| Goal of the exercise |
Return all of the data exactly, omitting any images.

| Data excerpts |
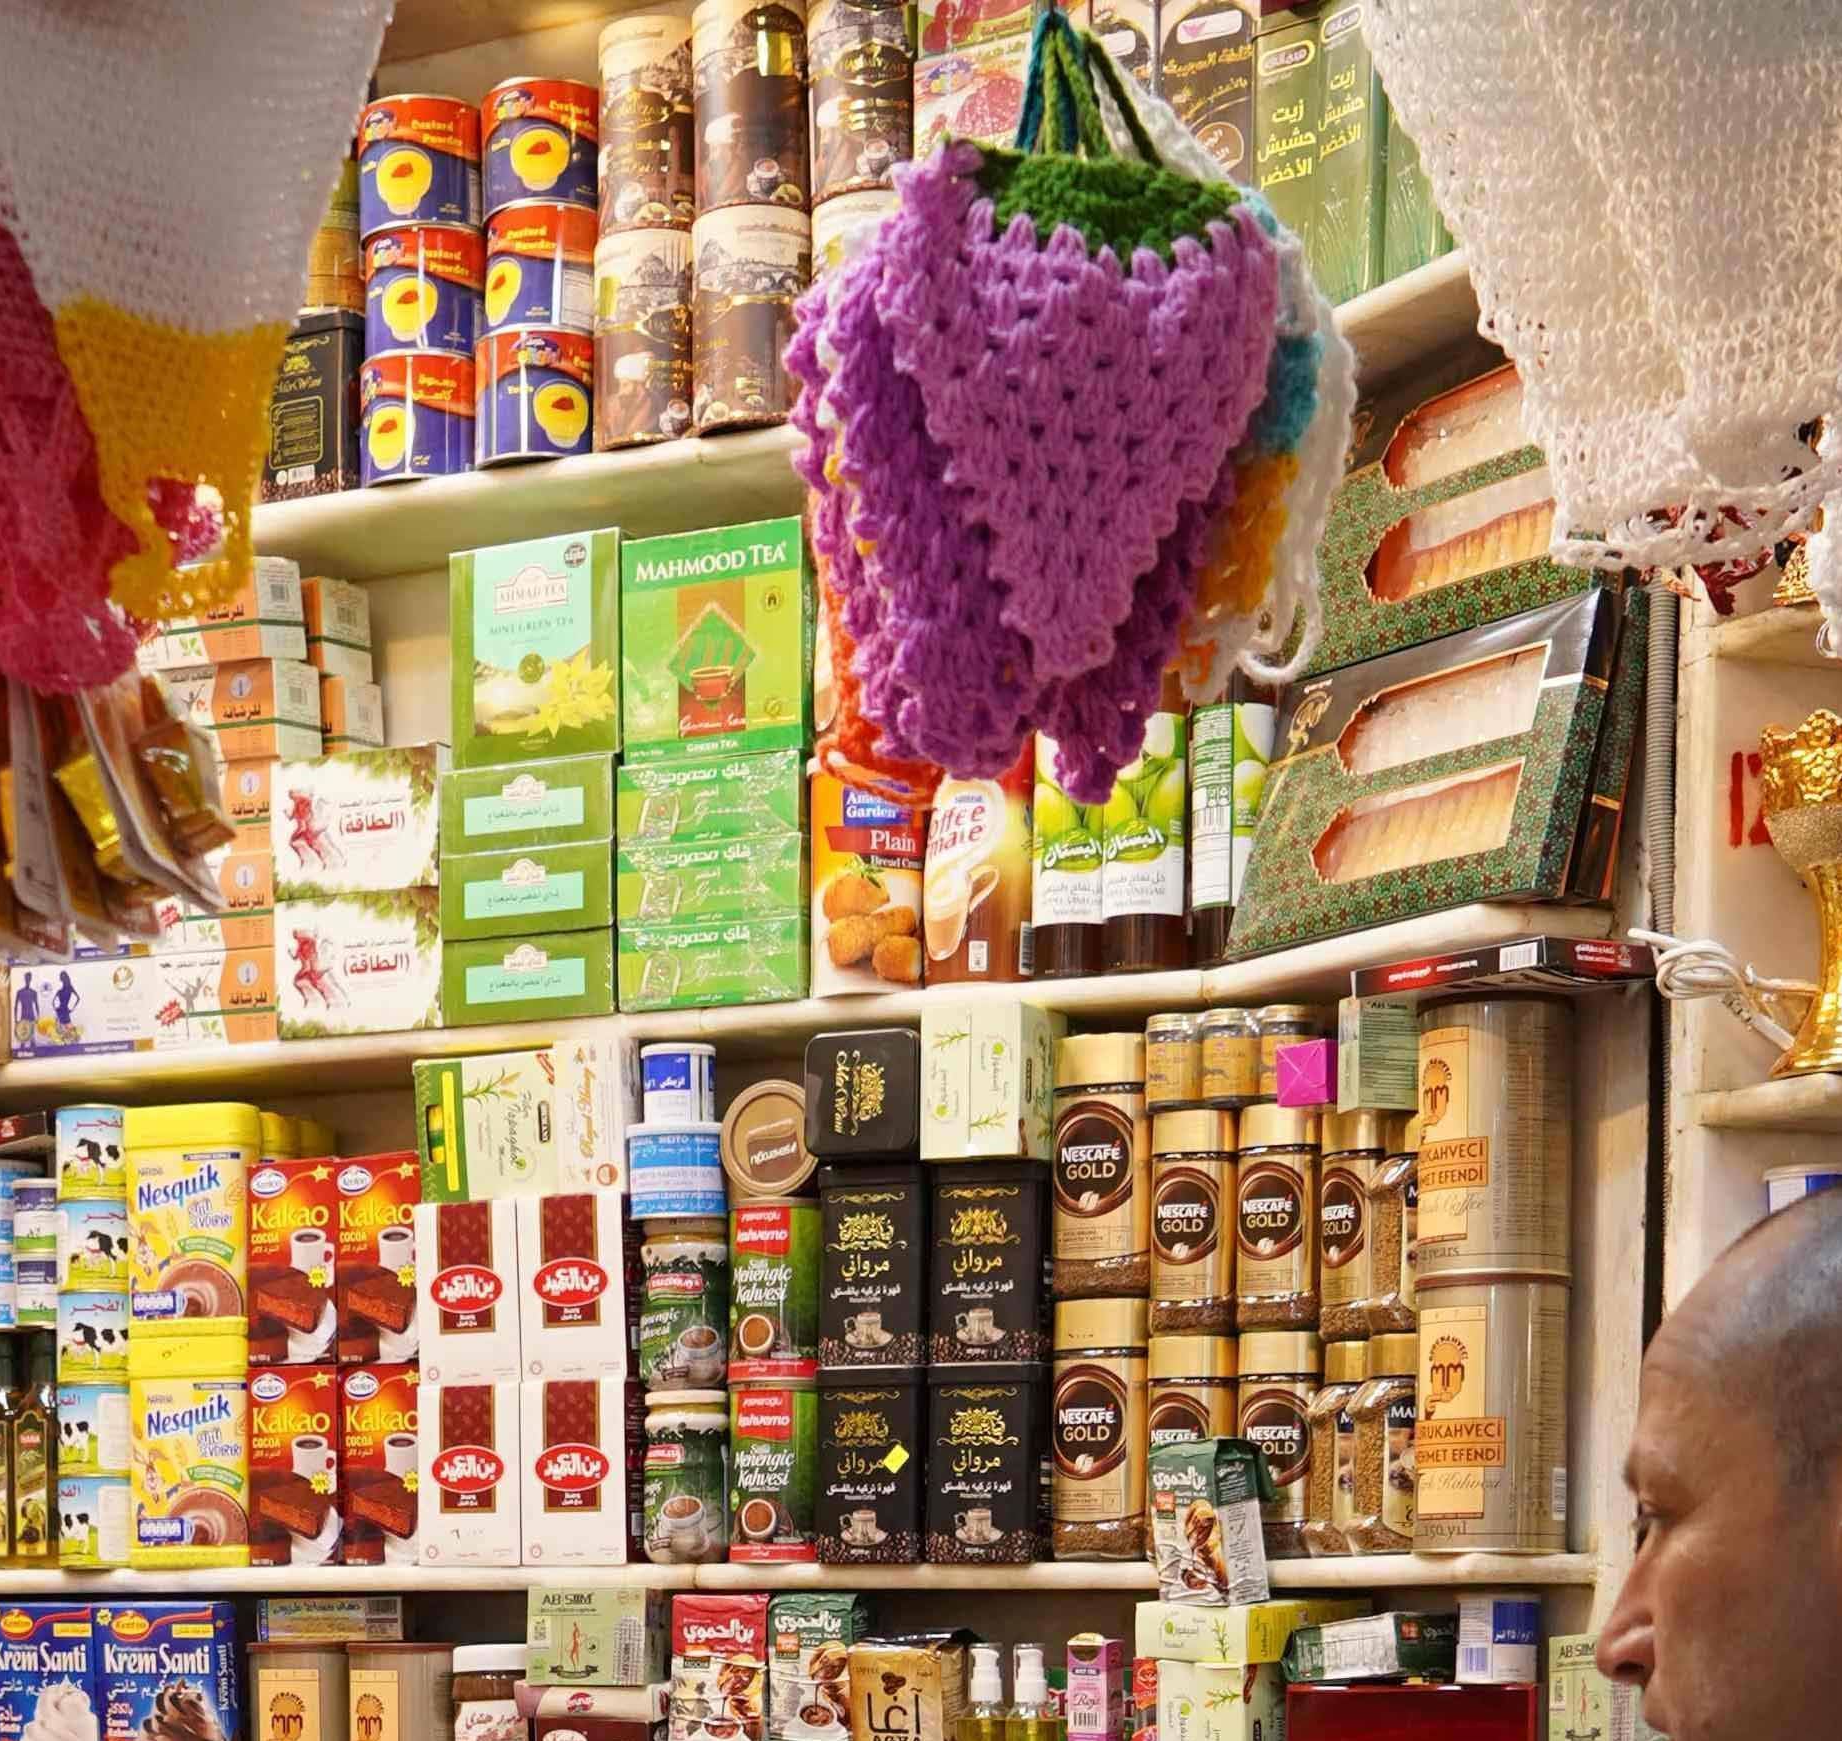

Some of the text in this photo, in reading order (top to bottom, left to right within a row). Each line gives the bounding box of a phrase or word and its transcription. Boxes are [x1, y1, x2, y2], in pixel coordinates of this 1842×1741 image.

[1272, 99, 1304, 124] زيت
[1257, 126, 1317, 163] حشيش
[635, 542, 786, 582] MAHMOOD TEA
[520, 621, 552, 632] GREEN
[846, 804, 897, 819] Garden
[929, 803, 987, 838] offee
[870, 831, 916, 853] Plain
[1062, 1139, 1121, 1163] NESCAFÉ
[1066, 1162, 1116, 1180] GOLD
[138, 1164, 222, 1211] Nesquik
[339, 1200, 414, 1229] Kakao
[1158, 1200, 1208, 1219] NESCAFÉ
[1242, 1193, 1293, 1214] NESCAFÉ
[252, 1201, 329, 1230] Kakao
[1161, 1219, 1204, 1233] GOLD
[1246, 1214, 1289, 1228] GOLD
[251, 1232, 279, 1245] COCOA
[339, 1231, 367, 1243] COCOA
[841, 1252, 890, 1280] مرواني
[952, 1249, 1003, 1278] مرواني
[737, 1281, 787, 1304] Kahvesi
[147, 1394, 232, 1439] Nesquik
[252, 1405, 330, 1435] Kakao
[345, 1404, 418, 1432] Kakao
[1059, 1403, 1116, 1425] NESCAFÉ
[252, 1437, 280, 1448] COCOA
[345, 1436, 373, 1447] COCOA
[1063, 1426, 1110, 1442] GOLD
[1247, 1421, 1302, 1441] NESCAFÉ
[952, 1449, 1001, 1478] مرواني
[738, 1468, 789, 1487] Kahvesi
[683, 1619, 738, 1643] الحموي
[774, 1611, 825, 1633] الحموي
[39, 1642, 87, 1678] Şanti
[105, 1643, 210, 1679] Krem Şanti

| Answer below |
Some of the text in this photo, in reading order (top to bottom, left to right within a row). Each line gives the bounding box of a phrase or word and its transcription. Boxes are [x1, y1, x2, y2], in pixel coordinates of this 1842×1741 image.

[1272, 99, 1304, 124] زيت
[1257, 126, 1317, 163] حشيش
[635, 542, 786, 582] MAHMOOD TEA
[520, 621, 552, 632] GREEN
[846, 804, 897, 819] Garden
[929, 803, 987, 838] offee
[870, 831, 916, 853] Plain
[1062, 1139, 1121, 1163] NESCAFÉ
[1066, 1162, 1116, 1180] GOLD
[138, 1164, 222, 1211] Nesquik
[339, 1200, 414, 1229] Kakao
[1158, 1200, 1208, 1219] NESCAFÉ
[1242, 1193, 1293, 1214] NESCAFÉ
[252, 1201, 329, 1230] Kakao
[1161, 1219, 1204, 1233] GOLD
[1246, 1214, 1289, 1228] GOLD
[251, 1232, 279, 1245] COCOA
[339, 1231, 367, 1243] COCOA
[841, 1252, 890, 1280] مرواني
[952, 1249, 1003, 1278] مرواني
[737, 1281, 787, 1304] Kahvesi
[147, 1394, 232, 1439] Nesquik
[252, 1405, 330, 1435] Kakao
[345, 1404, 418, 1432] Kakao
[1059, 1403, 1116, 1425] NESCAFÉ
[252, 1437, 280, 1448] COCOA
[345, 1436, 373, 1447] COCOA
[1063, 1426, 1110, 1442] GOLD
[1247, 1421, 1302, 1441] NESCAFÉ
[952, 1449, 1001, 1478] مرواني
[738, 1468, 789, 1487] Kahvesi
[683, 1619, 738, 1643] الحموي
[774, 1611, 825, 1633] الحموي
[39, 1642, 87, 1678] Şanti
[105, 1643, 210, 1679] Krem Şanti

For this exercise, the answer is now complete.